Answering your marketing questions
Pull up a chair, grab a cup of coffee, and get quick, targeted marketing advice
Our CEO Vicky Wu brings her 30 years of experience marketing for Fortune 500 companies, multi-million and multi-billion-dollar global corporations to answer your specific marketing questions. Most entrepreneurs aren’t able to find – or afford – access to this level of expertise. And that’s exactly why we’re bringing it to you.
Short answer: no. It doesn’t help and can hurt.
This is an old SEO practice that no longer works and can actually now damage your site. Yet you still hear some less knowledgeable SEO “experts” give this advice regularly.
Google’s own maestro of SEO John Mueller has said specifically that these types of blog posts – where you put a blog on someone else’s website – should always have the links set to “nofollow” … meaning that zero SEO juice will be sent back to your website.
“Nofollow” is the tag you add to a link that tells search engines NOT to take whatever SEO juice you’ve built for your page and transfer it to the outbound link instead. Obviously any SEO work you’re dong you don’t want everyone else to get all the benefit from.
Mueller said Google actually views these small backlinks the same as spam backlinks – such as from the old “link farm” or link exchanges that used to be a thing (and probably still are from some BAD SEO advisors).
So you don’t need to be trying to guest post on other people’s blogs (except as I mention below); and you don’t need to accept requests for guest posts on your blog unless it benefits you in some other way (like I mention below).

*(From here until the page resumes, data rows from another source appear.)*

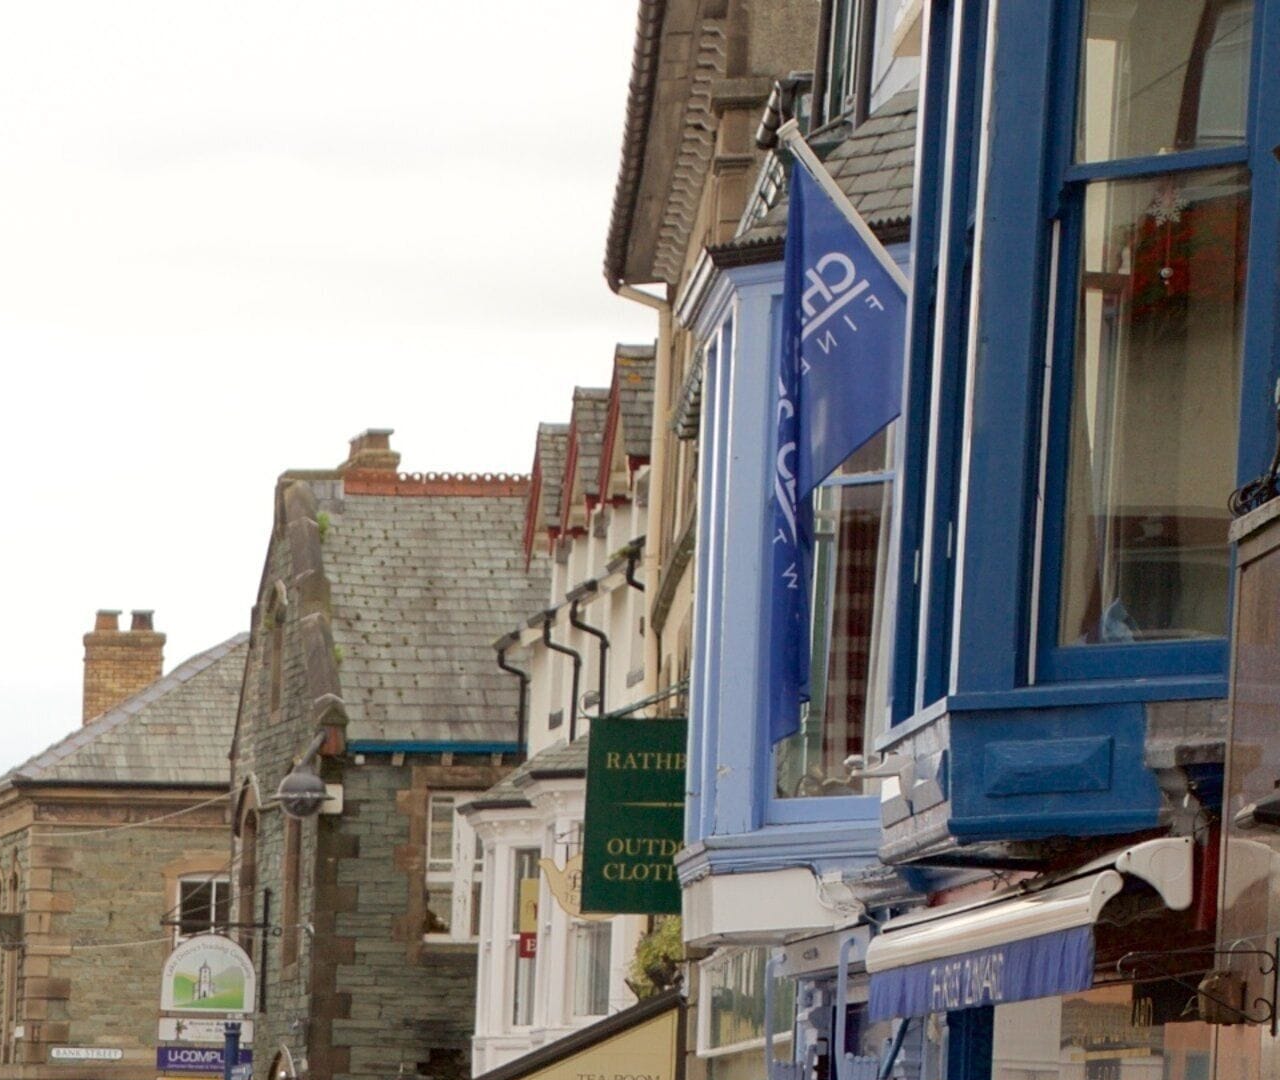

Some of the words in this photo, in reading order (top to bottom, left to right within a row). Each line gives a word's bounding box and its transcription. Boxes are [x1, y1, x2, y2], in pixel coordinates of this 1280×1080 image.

[606, 752, 687, 770] RATHB
[55, 1048, 81, 1057] BANK
[86, 1049, 118, 1058] STREET
[168, 1050, 225, 1063] U-COMPL
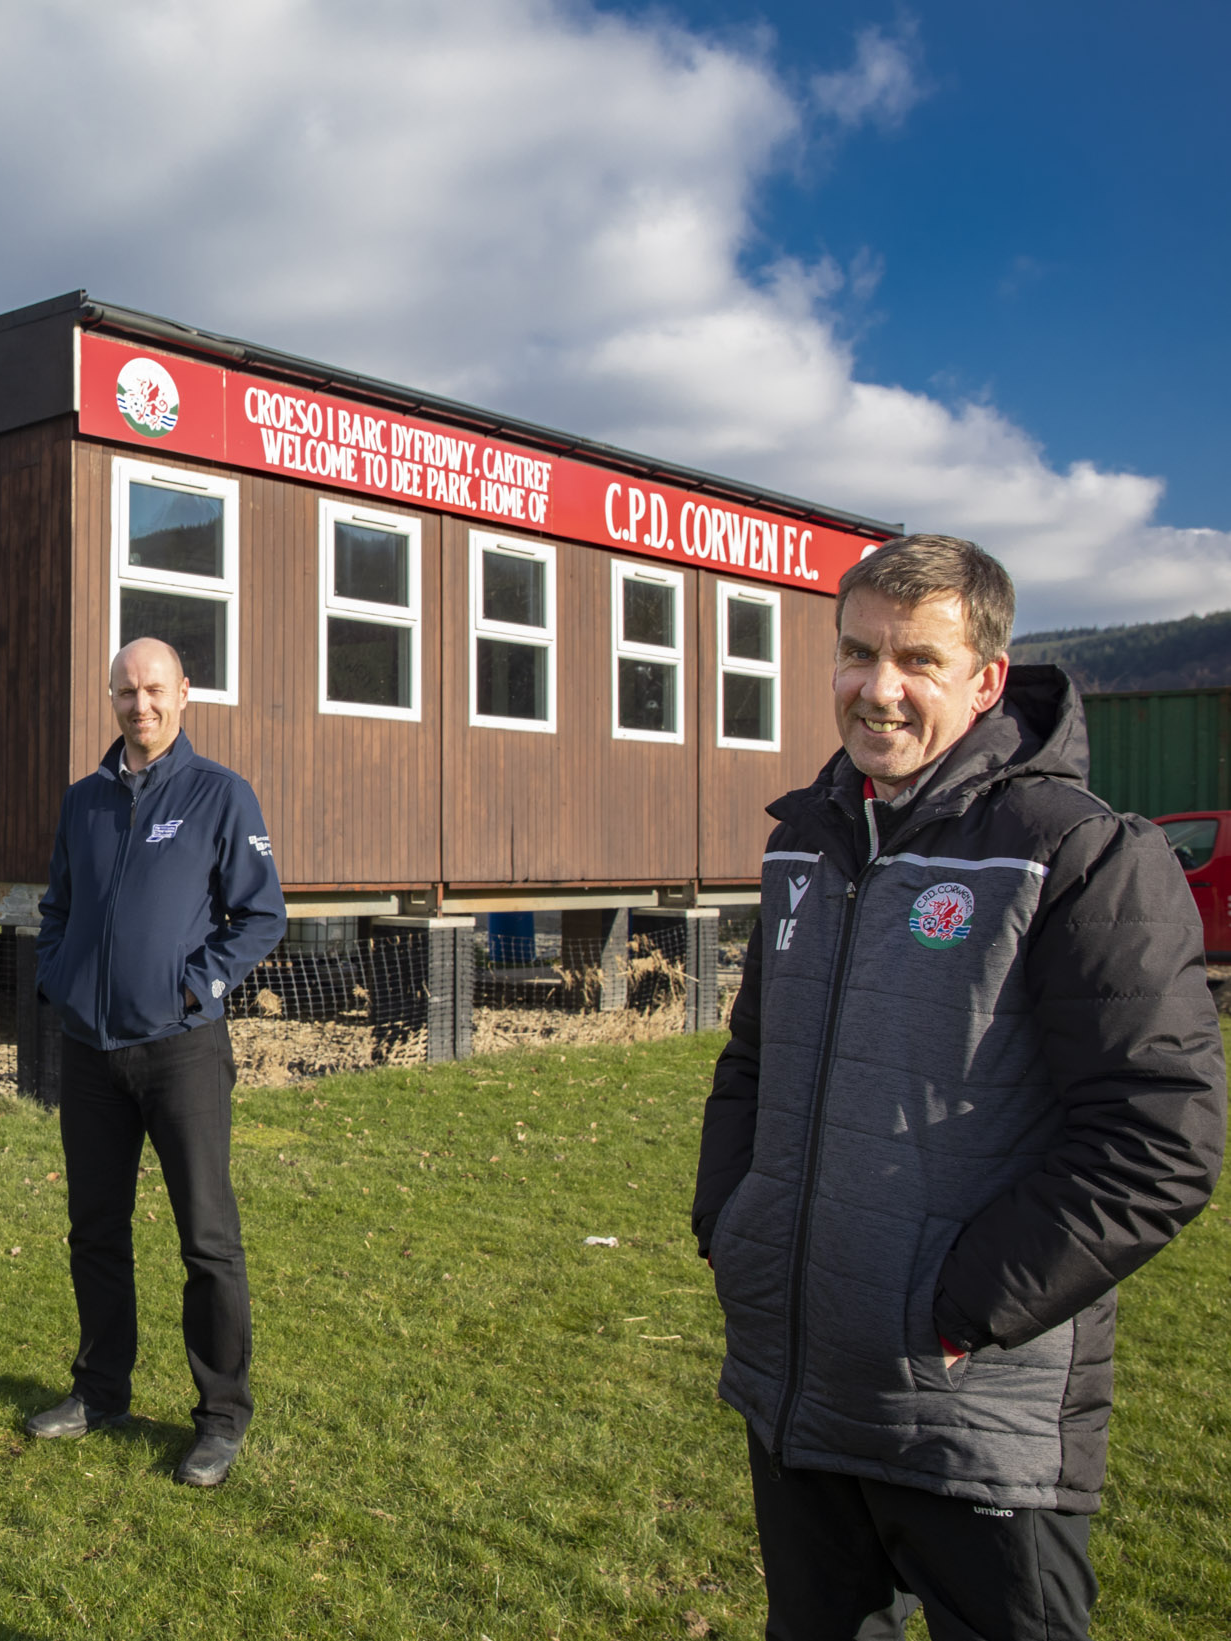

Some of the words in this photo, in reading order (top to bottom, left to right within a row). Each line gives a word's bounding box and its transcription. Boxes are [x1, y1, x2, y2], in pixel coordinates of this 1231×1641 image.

[245, 387, 323, 438] CROESO
[327, 406, 334, 441] I
[338, 409, 388, 454] BARC
[391, 423, 480, 477] DYFRDWY,
[482, 447, 552, 493] CARTREF
[260, 427, 358, 483] WELCOME
[361, 451, 388, 489] TO
[391, 458, 423, 497] DEE
[426, 467, 477, 510] PARK,
[480, 479, 526, 520] HOME
[528, 491, 549, 524] OF
[604, 482, 675, 551] C.P.D.
[679, 501, 779, 574] CORWEN
[783, 525, 819, 581] F.C.
[937, 884, 971, 902] CORWEN
[775, 918, 798, 951] IE
[973, 1506, 1014, 1518] umbro

I only recommend you accept guest post requests in a very few circumstances:
- The person you are allowing to guest post on your blog is a business you cooperate with on a regular basis anyway. This can be a good way for businesses to work together as a tool in cross-promotion if they have an overlapping audience.

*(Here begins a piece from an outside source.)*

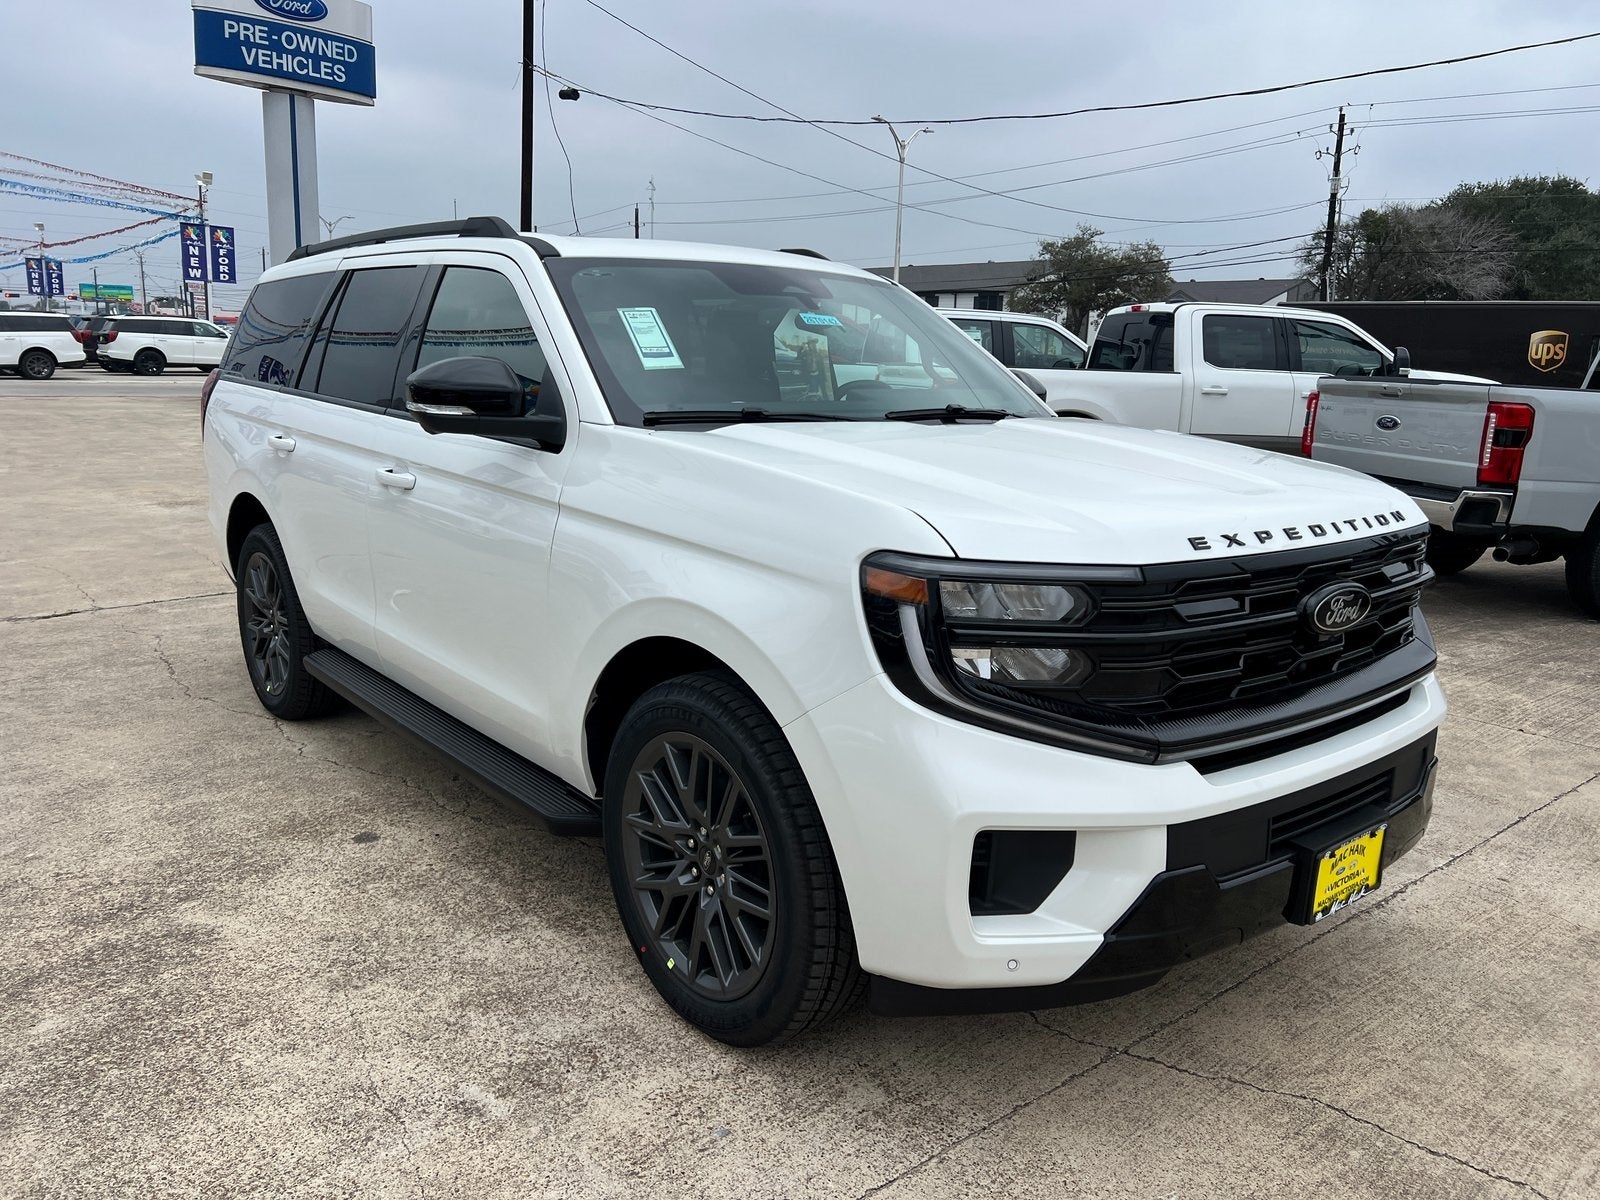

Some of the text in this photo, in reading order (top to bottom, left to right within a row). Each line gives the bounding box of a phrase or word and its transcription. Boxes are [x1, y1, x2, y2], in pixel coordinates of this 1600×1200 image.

- When you add their blog to your site, you set the outgoing link as “nofollow” like Mueller suggests.
- The friend shares a link to the post on their social media and elsewhere. This is beneficial to spread awareness of your business to their audience and perhaps get you seen by more people.
- The article they submit must be 100% original.
That covers people requesting to guest post on your blog. But what about the practice of you guest posting on someone else’s blog?
If you are the one doing guest posting, the sites that are beneficial to you are the large national publications with high traffic. Things like Forbes, or Bloomberg where I recently contributed to an article. Huffington Post. Or something well known in your industry specifically, such as for me Rising Tide Society or Template Monster.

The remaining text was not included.